Document - Mexico: Fear for safety/Legal concern: Residents of the town of Rafael Lara Grajales, Puebla state
ACTION URGENTE
DOCUMENT PUBLIC Index AI : AMR 41/053/2008 – ÉFAI
24 octobre 2008
AU 294/08 Craintes pour la sécurité / Préoccupations d'ordre juridique
MEXIQUE Les habitants de la ville de Rafael Lara Grajales (État de Puebla)

Des habitants de la ville de Rafael Lara Grajales, dans l'État de Puebla (centre du pays), ont aidé un groupe de migrants d'Amérique centrale à échapper à une bande de malfaiteurs qui les séquestrait en vue d'obtenir une rançon. Les migrants leur ont indiqué que cette bande officiait avec la complicité des policiers municipaux de Rafael Lara Grajales. Les habitants de cette ville risquent désormais d'être l'objet de représailles.

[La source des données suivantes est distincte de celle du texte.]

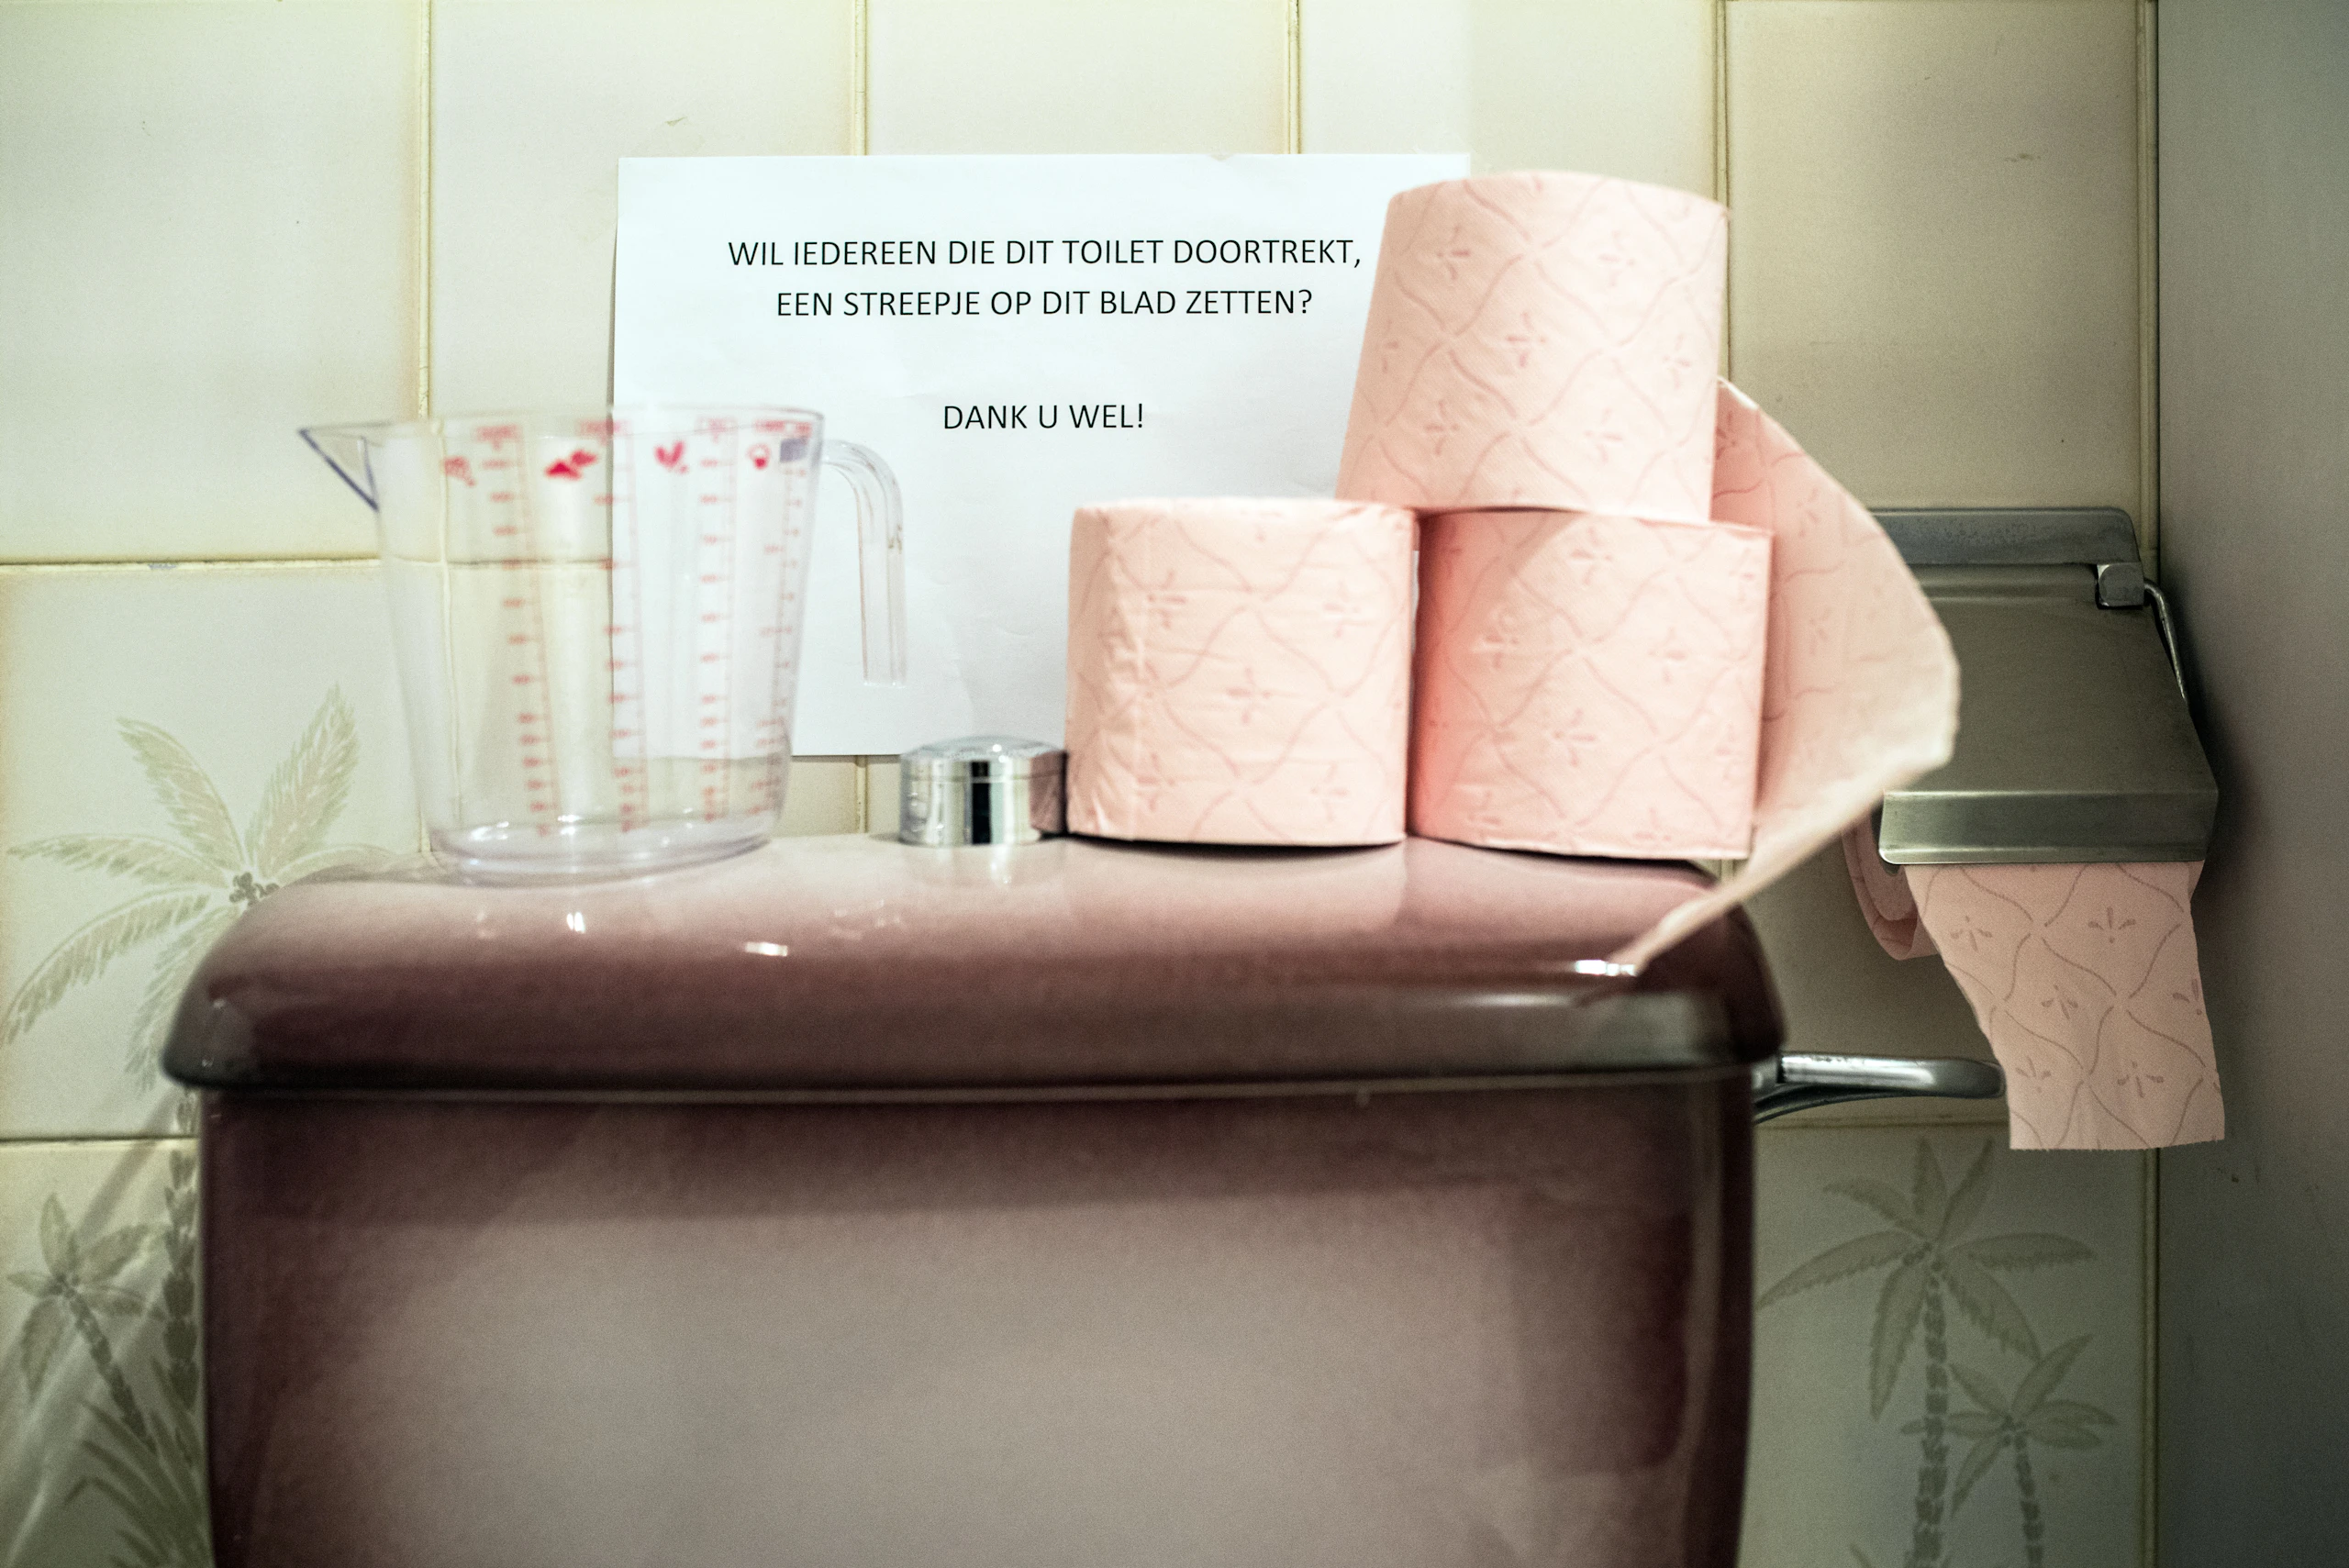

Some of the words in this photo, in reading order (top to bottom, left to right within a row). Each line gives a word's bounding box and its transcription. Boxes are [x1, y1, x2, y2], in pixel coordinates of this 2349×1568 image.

Selon des témoins oculaires, environ 60 personnes originaires du Honduras, du Salvador et du Nicaragua, qui avaient été enlevées alors qu'elles tentaient de se rendre aux États-Unis, se sont échappées d'une maison dans la matinée du 12 octobre. En ce lieu, des ravisseurs les torturaient pour obtenir le paiement de rançons de la part de leurs proches vivant aux États-Unis et dans leur pays d'origine. Les habitants de Rafael Lara Grajales ont vu ces personnes courir dans les rues. Certaines étaient nues et saignaient. Ils leur ont prodigué les premiers soins et leur ont donné des vêtements et de la nourriture. Lorsqu'ils ont proposé d'appeler la police, les migrants leur ont expliqué que des membres de la police municipale collaboraient avec leurs ravisseurs.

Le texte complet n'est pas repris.